100 Essential Things You Didn't Know You Didn't Know (15 page)

In the Russian revolutionary period, Tamm was a young professor teaching physics at the University of Odessa in the Ukraine. Food was in short supply in the city, and so he made a trip to a nearby village, which was under the apparent control of the communists, in an attempt to trade some silver spoons for something more edible, like chickens. Suddenly, the village was captured by an anti-communist bandit leader and his militia, armed with rifles and explosives. The bandits were suspicious of Tamm, who was dressed in city clothes, and took him to their leader, who demanded to know who he was and what he did. Tamm tried to explain that he was merely a university professor looking for food.

‘What kind of professor?’ the bandit leader asked.
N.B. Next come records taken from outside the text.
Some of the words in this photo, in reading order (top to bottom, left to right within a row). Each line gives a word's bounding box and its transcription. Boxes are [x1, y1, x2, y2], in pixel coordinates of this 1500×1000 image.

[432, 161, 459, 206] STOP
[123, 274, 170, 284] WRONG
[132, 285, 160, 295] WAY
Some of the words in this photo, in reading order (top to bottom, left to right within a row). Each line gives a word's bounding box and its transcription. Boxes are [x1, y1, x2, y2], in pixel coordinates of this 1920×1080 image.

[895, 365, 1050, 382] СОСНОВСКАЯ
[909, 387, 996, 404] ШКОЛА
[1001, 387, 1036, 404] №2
‘I teach mathematics,’ Tamm replied.

‘Mathematics?’ said the bandit. ‘All right! Then give me an estimate of the error one makes by cutting off Maclaurin’s series at the n
^th
term.
¹¹
Do this and you will go free. Fail, and you will be shot!’

Tamm was not a little astonished. At gunpoint, somewhat nervously, he managed to work out the answer to the problem – a tricky piece of mathematics that students are taught in their first course of calculus in a university degree course of mathematics. He showed it to the bandit leader, who perused it and declared ‘Correct! Go home!’
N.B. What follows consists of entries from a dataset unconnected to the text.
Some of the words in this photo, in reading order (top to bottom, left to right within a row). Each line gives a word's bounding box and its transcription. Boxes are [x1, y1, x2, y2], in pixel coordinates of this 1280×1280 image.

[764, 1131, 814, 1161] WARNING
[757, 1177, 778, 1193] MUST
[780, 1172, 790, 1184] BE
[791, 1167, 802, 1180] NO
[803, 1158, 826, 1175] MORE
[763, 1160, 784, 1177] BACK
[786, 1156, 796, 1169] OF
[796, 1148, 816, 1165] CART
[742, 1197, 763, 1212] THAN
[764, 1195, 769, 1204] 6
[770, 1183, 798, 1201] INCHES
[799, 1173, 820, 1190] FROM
Tamm never discovered who that strange bandit leader was. He probably ended up in charge of university quality assurance somewhere.

45

Getting in a Flap

In ancient days two aviators procured to themselves wings. Daedalus flew safely through the middle air and was duly honoured on his landing. Icarus soared upwards to the sun till the wax melted which bound his wings and his flight ended in fiasco. The classical authorities tell us, of course, that he was only ‘doing a stunt’; but I prefer to think of him as the man who brought to light a serious constructional defect in the flying-machines of his day.

Arthur S. Eddington

Lots of things get around by flapping about: birds and butterflies with their wings, whales and sharks with their tails, fish with their fins. In all these situations there are three important factors at work that determine the ease and efficiency of movement. First, there is size – larger creatures are stronger and can have larger wings and fins, which act on larger volumes of air or water. Next, there is speed – the speed at which they can fly or swim tells us how rapidly they are engaging with the medium in which they are moving and the drag force that it exerts to slow them down. Third, there is the rate at which they can flap their wings or fins. Is there a common factor that would allow us to consider all the different movements of birds and fish at one swoop?
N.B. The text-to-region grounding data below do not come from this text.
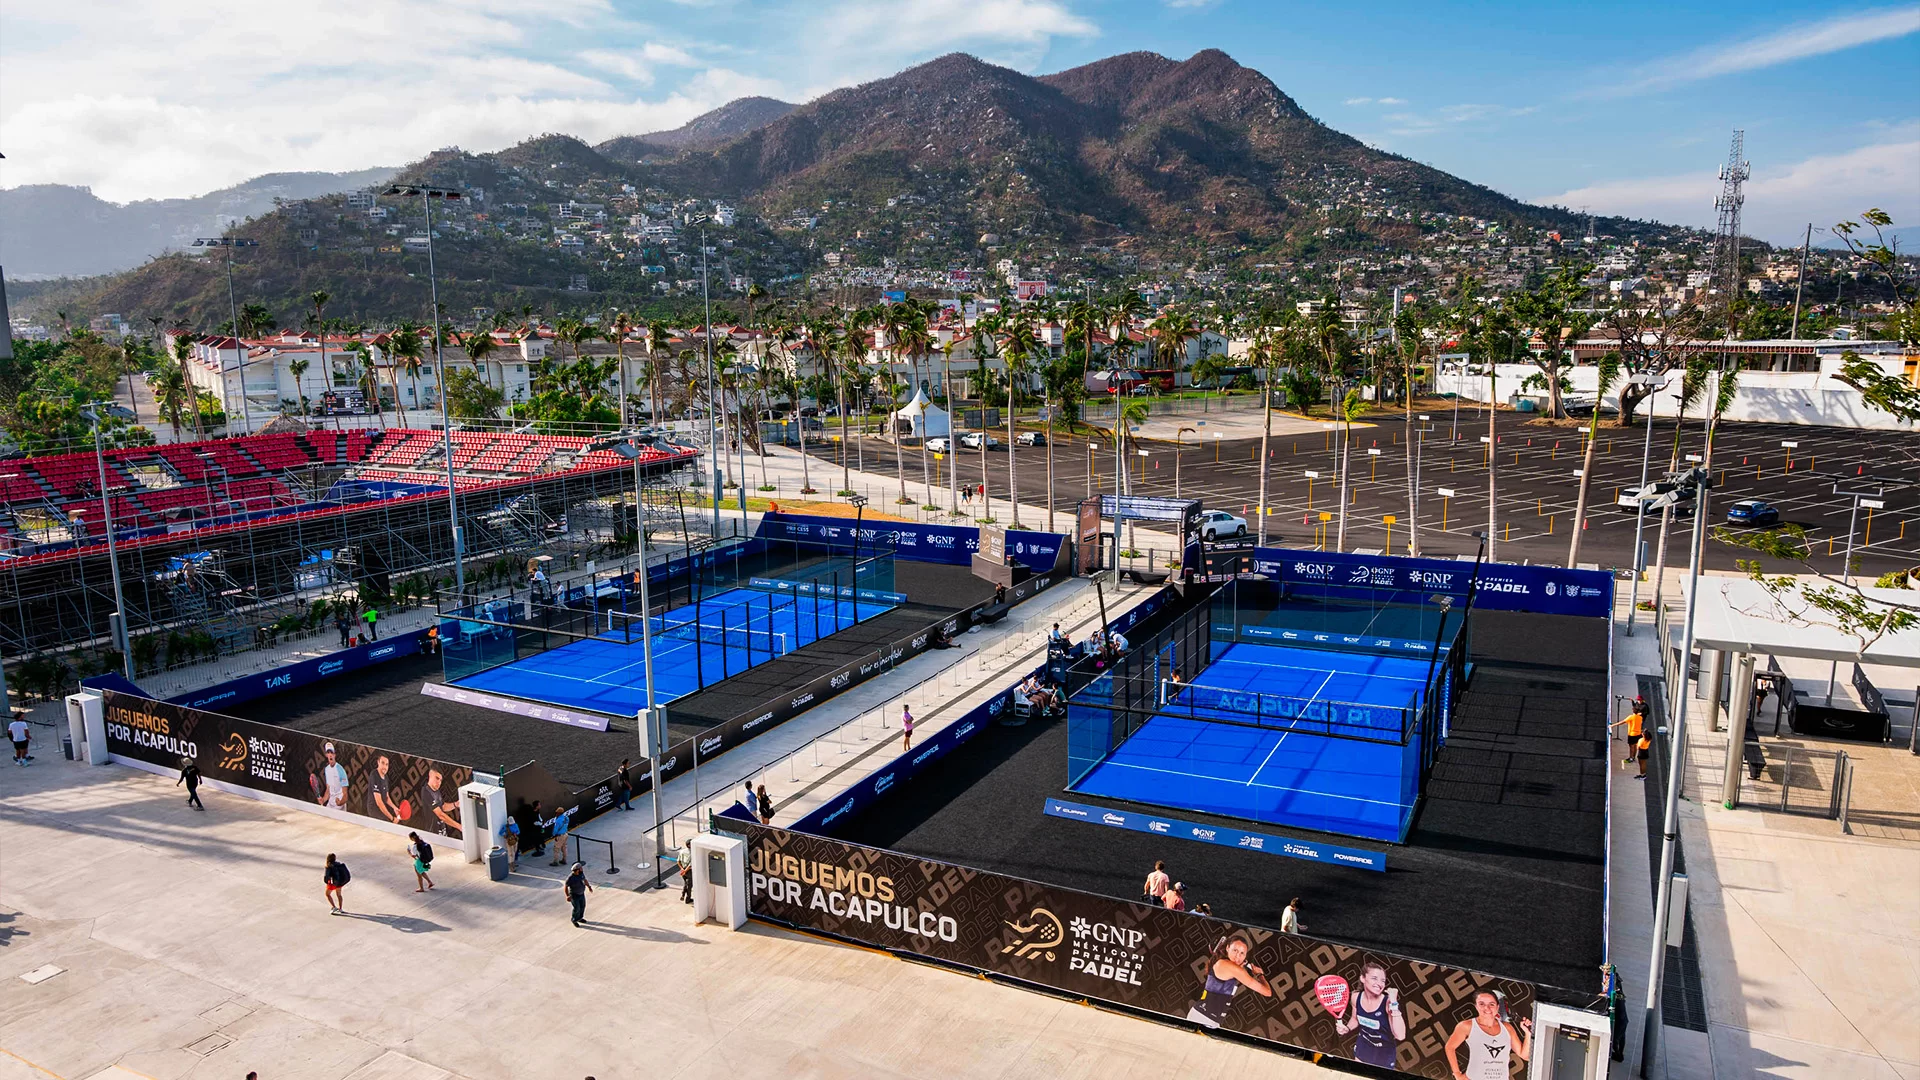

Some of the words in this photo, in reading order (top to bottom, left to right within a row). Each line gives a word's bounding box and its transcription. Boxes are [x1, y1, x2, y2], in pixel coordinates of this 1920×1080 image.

[935, 535, 955, 545] GNP
[1306, 563, 1333, 575] GNP
[1423, 572, 1452, 584] GNP
[1484, 583, 1530, 594] PADEL
[265, 673, 292, 689] TANE
[836, 671, 850, 684] GNP
[194, 691, 236, 708] CUPRA
[1218, 694, 1338, 723] ACAPULCO
[1347, 707, 1371, 726] P1
[106, 705, 170, 735] JUGUEMOS
[107, 722, 131, 743] POR
[134, 729, 198, 759] ACAPULCO
[260, 739, 285, 757] GNP
[251, 765, 287, 783] PADEL
[1199, 829, 1216, 838] GNP
[1292, 849, 1319, 858] PADEL
[1333, 853, 1374, 865] POWERADE
[750, 849, 895, 902] JUGUEMOS
[752, 872, 802, 907] POR
[810, 887, 957, 943] ACAPULCO
[1093, 923, 1143, 949] GNP
[1073, 950, 1143, 971] PREMIER
[1069, 957, 1142, 986] PADEL
As you have probably guessed, there is such a factor. When scientists or mathematicians are faced with a diversity of examples
of
a phenomenon, like flight or swimming, that differ in the detail but retain a basic similarity, they often try to classify the different examples by evaluating a quantity that is a pure number. By this I mean that it doesn’t have any units, in the way that a mass or a speed (length per unit time) does. This ensures that it stays the same if the units used to measure the quantities are changed. So, whereas the numerical value of a distance travelled will change from 10,000 to 6¼ if you switch units from metres to miles, the ratio of two distances – like the distance travelled divided by the length of your stride – will not change if you measure the distance and your stride length
in the same units
, because it is just the number of strides that you need to take to cover the distance.

In our case there is one way to combine the three critical factors – the flapping rate per unit of time, f, the size of the flapping strokes, L, and the speed of travel, V – so as to get a quantity that is a pure number.
^fn1
This combination is just fL/V and it is called the ‘Strouhal number’, after Vincenc Strouhal (1850–1922), a Czech physicist from Charles University in Prague.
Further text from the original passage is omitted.